The article by Zvi Harel I would not have read if my curiosity had not been raised by the caption of the picture of Shas MK Peretz, who "was asked to explain the fact that his thesis was written in the first person female". Read the article to get an impression of the way in which some people ( and public servants among them ) have tried - and succeeded - to obtain academic degrees plus the financial and other benefits that such degrees provide. Both amusing and sad, very sad.
Regarding "Raful remembered as a fighter, a farmer and a friend", Ha'Aretz, November 25, 2004:
Although I am sure that when Eli Ashkenazi wrote "simple farmers..." he used 'simple' as in 'straightforward, frank, unpretentious', not as in 'dumb' or 'half-witted' ( the word probably was translated from the Hebrew 'pashut' ), I think that using that description in this context was problematic. Since those who came to honor Rafael Eitan probably really represented "all strata of Israeli society" it was wrong to single out one of those strata by using an adjective with such both positive and negative connotations.

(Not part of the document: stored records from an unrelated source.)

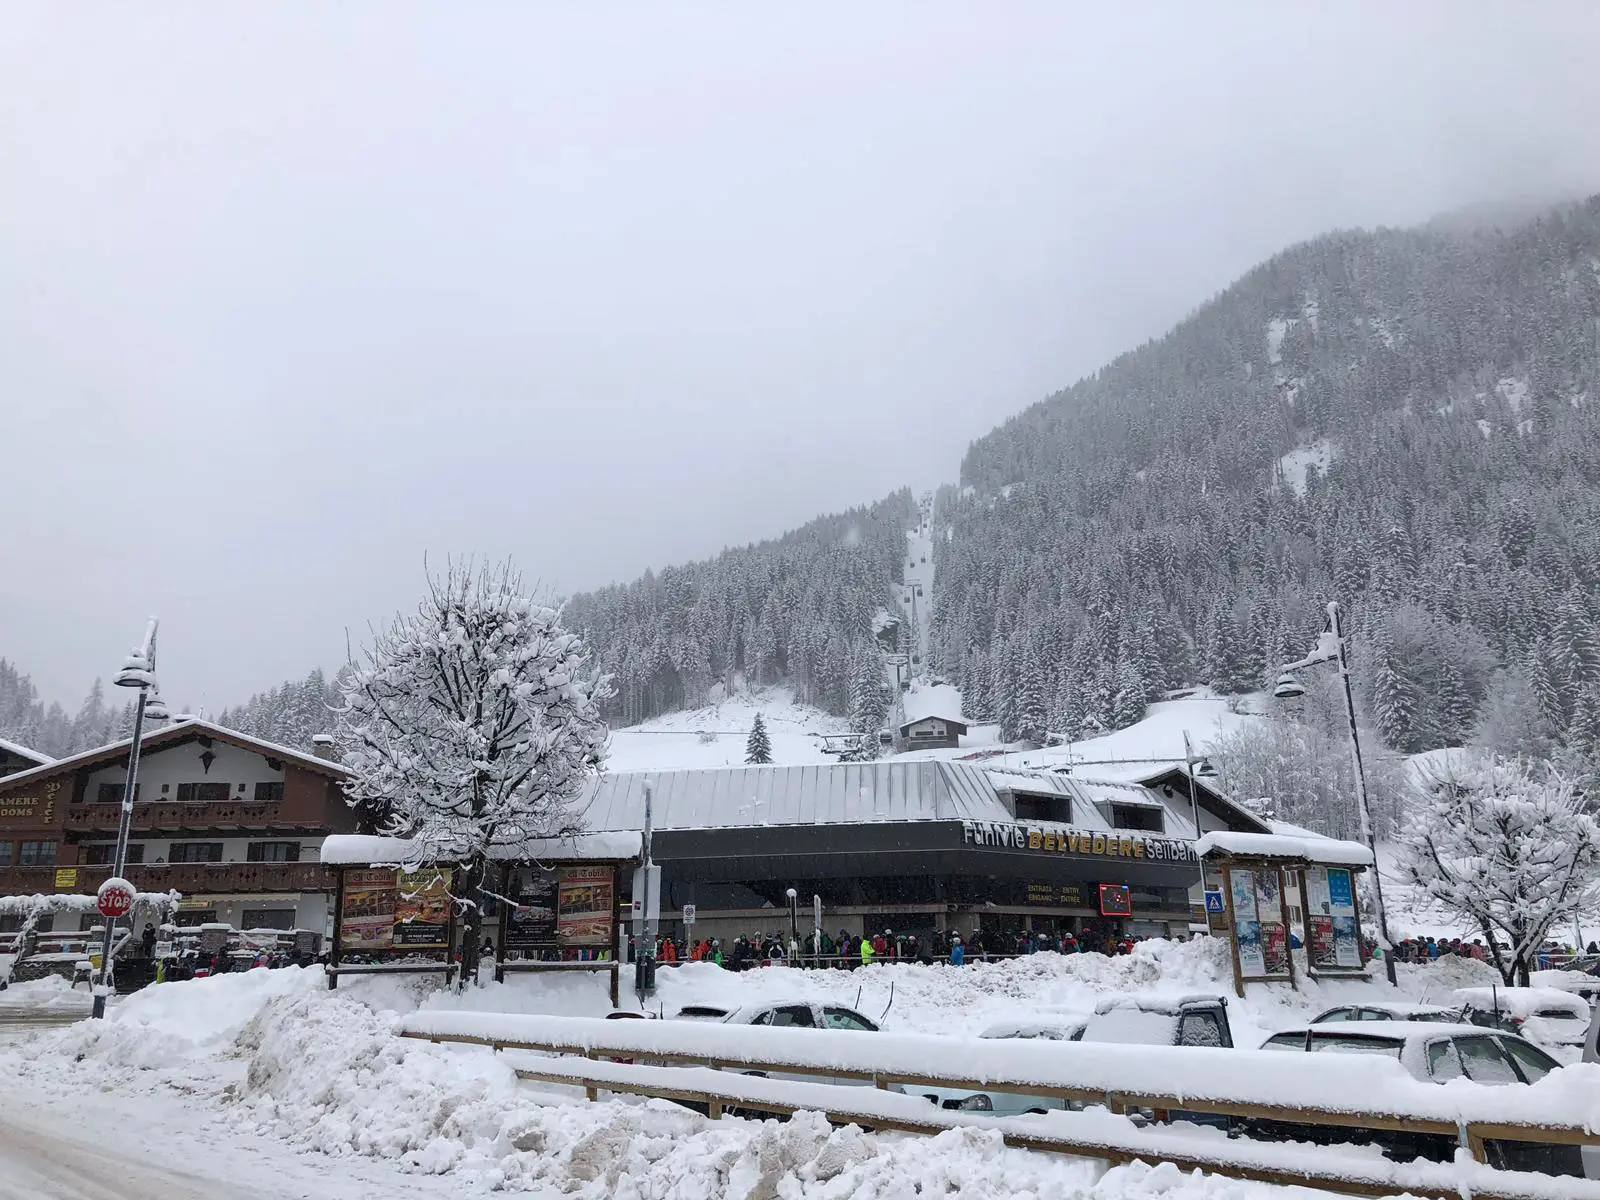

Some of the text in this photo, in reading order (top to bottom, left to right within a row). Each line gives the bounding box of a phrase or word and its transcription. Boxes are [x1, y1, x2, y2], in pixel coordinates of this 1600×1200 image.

[963, 822, 1025, 849] Funivie
[1028, 831, 1145, 858] BELVEDERE
[1062, 886, 1080, 894] ENTRY
[100, 895, 131, 908] STOP
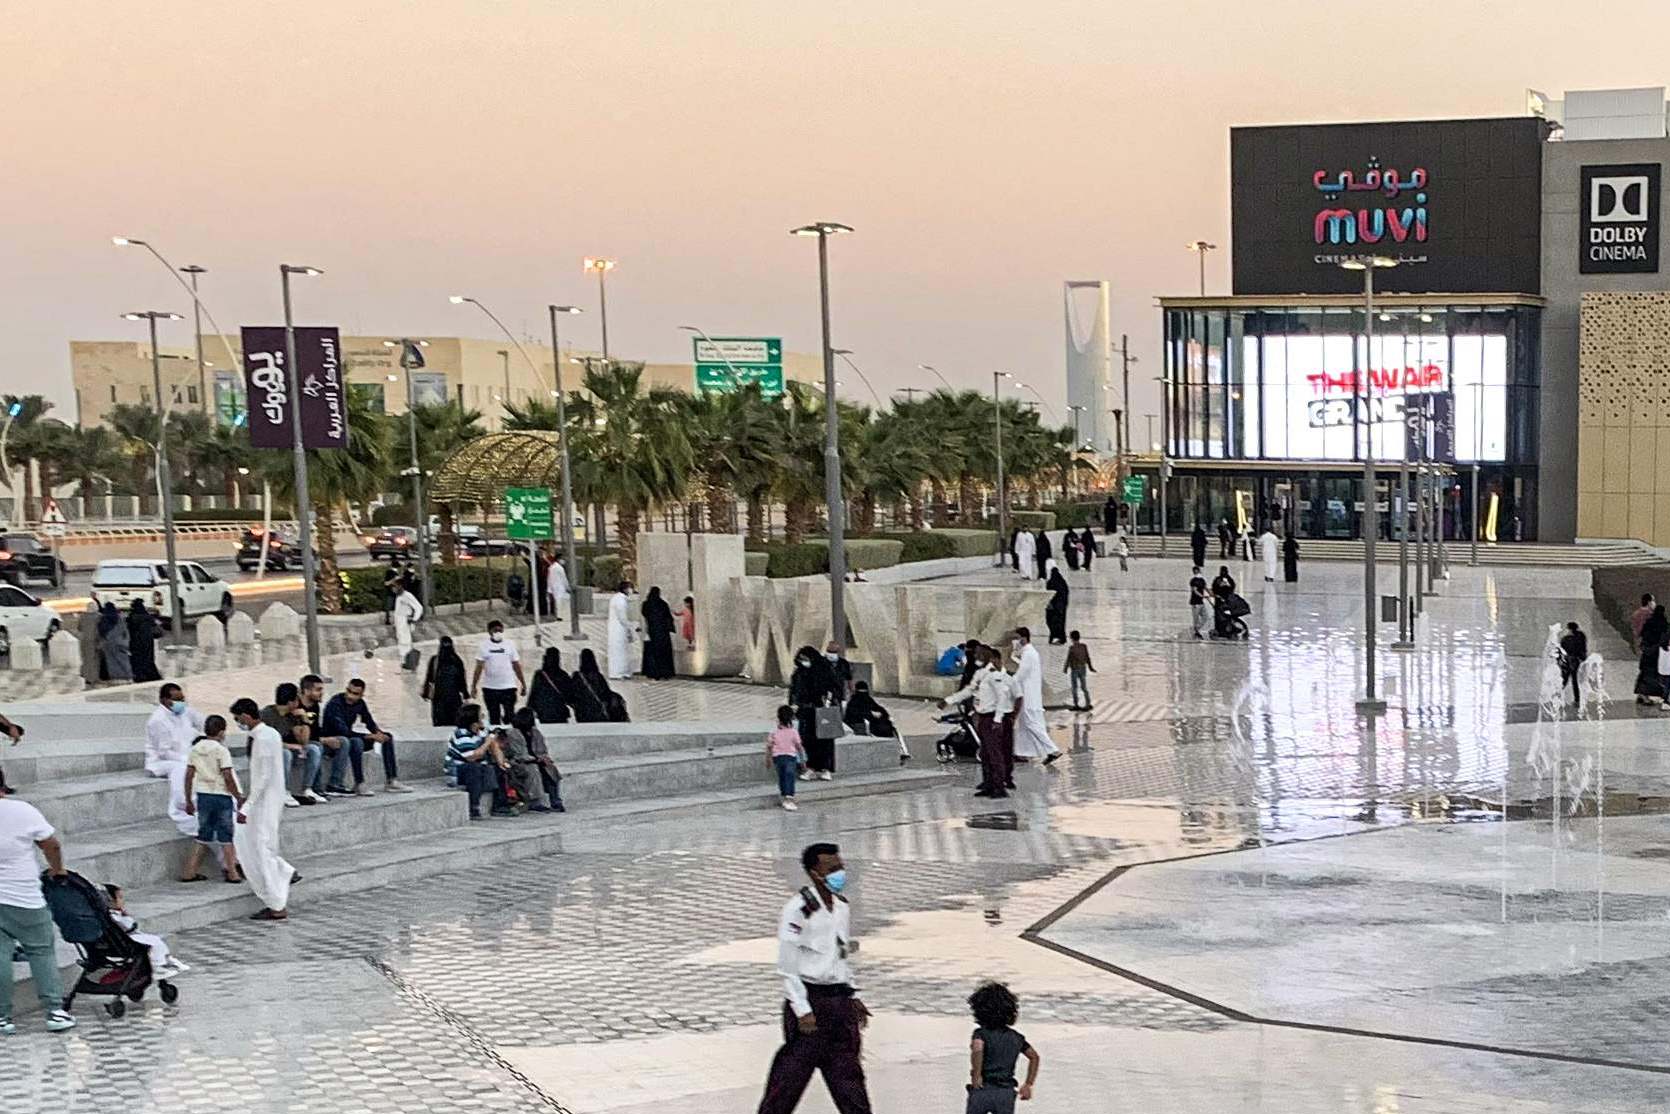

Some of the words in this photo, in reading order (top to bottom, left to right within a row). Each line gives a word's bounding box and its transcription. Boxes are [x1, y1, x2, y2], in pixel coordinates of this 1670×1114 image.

[1314, 192, 1427, 244] muvi
[1590, 227, 1647, 243] DOLBY
[1590, 245, 1647, 261] CINEMA

Saturday, November 27, 2004

Om dit bericht in het nieuwsbulletin van de Wereldomroep moest ik erg lachen. Leuk initiatief overigens.
Cadeautjes in schoenen biddende moslims
Twee muzikanten uit Nijmegen en Arnhem roepen burgers op cadeautjes te stoppen in schoenen van moslims, als die in de moskee in gebed zijn. Het initiatief is bedoeld om de relatie tussen moslims en Nederlanders te verbeteren. Volgens de initiatiefnemers Alex Gray en Reinout Weebers zullen moslims het gebaar zeker waarderen. Maar mensen moeten bij de keuze van hun geschenk wel rekening houden met bepaalde gevoeligheden. Zo is het beter speculaas te geven dan een marsepeinen varken.Het is overigens niet de bedoeling dat iedereen op eigen houtje de schoenen gaat vullen. De muzikanten raden aan om goede afspraken te maken met iemand van de moskee.

Thursday, November 25, 2004

This news item I 'discovered' only when I I saw it mentioned on an online news site. Although I think that it is not very wise of the Tnuva CEO - nor is it for any businessman - to say anything political, especially on such a sensitive subject as the territories, I fully agree with what he said. I also agree with what is said in the statement by the Kibbutz Movement ( I suppose the article means the United Kibbutz Movement here ): "Whoever wants to boycott those who think differently than they do will quickly find that the majority of the state of Israel will boycott one another."
Still, now that 'the' settlers are calling for a boycott of the company, for some time in the near future you will find many Israelis - and me and my wife among them - choosing Tnuva products over their competing alternatives, for spite. We already are loyal customers of Tnuva ( almost all the cheese, milk, 'custard' etc. that we buy are produced by that company ), so there will not be much difference. By the way, I will never support a boycott abroad of things produced in the settlements ( even though I could think of worse ways to express one's disagreement with Israel's policies regarding the territories ), but you will not see me buying something that I know for sure was produced there, if I know there is a reasonable 'blue-white' alternative that is made within the Green Line.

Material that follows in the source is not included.